- **Problem**
An exact copy of all the data is required.
━━━━
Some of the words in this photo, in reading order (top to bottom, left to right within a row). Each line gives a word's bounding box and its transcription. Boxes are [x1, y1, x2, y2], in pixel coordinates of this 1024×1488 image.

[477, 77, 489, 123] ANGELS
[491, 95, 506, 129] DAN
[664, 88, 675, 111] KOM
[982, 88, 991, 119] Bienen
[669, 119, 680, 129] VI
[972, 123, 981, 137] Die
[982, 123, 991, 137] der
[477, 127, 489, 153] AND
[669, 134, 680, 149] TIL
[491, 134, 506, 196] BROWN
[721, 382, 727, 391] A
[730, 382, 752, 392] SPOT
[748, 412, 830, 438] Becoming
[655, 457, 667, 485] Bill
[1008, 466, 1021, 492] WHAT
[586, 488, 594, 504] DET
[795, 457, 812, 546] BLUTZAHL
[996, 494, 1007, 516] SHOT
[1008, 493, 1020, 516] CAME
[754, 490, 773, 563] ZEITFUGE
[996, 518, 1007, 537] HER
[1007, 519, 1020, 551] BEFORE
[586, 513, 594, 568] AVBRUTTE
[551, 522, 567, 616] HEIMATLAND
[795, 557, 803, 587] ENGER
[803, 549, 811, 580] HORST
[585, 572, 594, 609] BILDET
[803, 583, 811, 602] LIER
━━━━
- **Result of this exercise**
Some of the words in this photo, in reading order (top to bottom, left to right within a row). Each line gives a word's bounding box and its transcription. Boxes are [x1, y1, x2, y2], in pixel coordinates of this 1024×1488 image.

[477, 77, 489, 123] ANGELS
[491, 95, 506, 129] DAN
[664, 88, 675, 111] KOM
[982, 88, 991, 119] Bienen
[669, 119, 680, 129] VI
[972, 123, 981, 137] Die
[982, 123, 991, 137] der
[477, 127, 489, 153] AND
[669, 134, 680, 149] TIL
[491, 134, 506, 196] BROWN
[721, 382, 727, 391] A
[730, 382, 752, 392] SPOT
[748, 412, 830, 438] Becoming
[655, 457, 667, 485] Bill
[1008, 466, 1021, 492] WHAT
[586, 488, 594, 504] DET
[795, 457, 812, 546] BLUTZAHL
[996, 494, 1007, 516] SHOT
[1008, 493, 1020, 516] CAME
[754, 490, 773, 563] ZEITFUGE
[996, 518, 1007, 537] HER
[1007, 519, 1020, 551] BEFORE
[586, 513, 594, 568] AVBRUTTE
[551, 522, 567, 616] HEIMATLAND
[795, 557, 803, 587] ENGER
[803, 549, 811, 580] HORST
[585, 572, 594, 609] BILDET
[803, 583, 811, 602] LIER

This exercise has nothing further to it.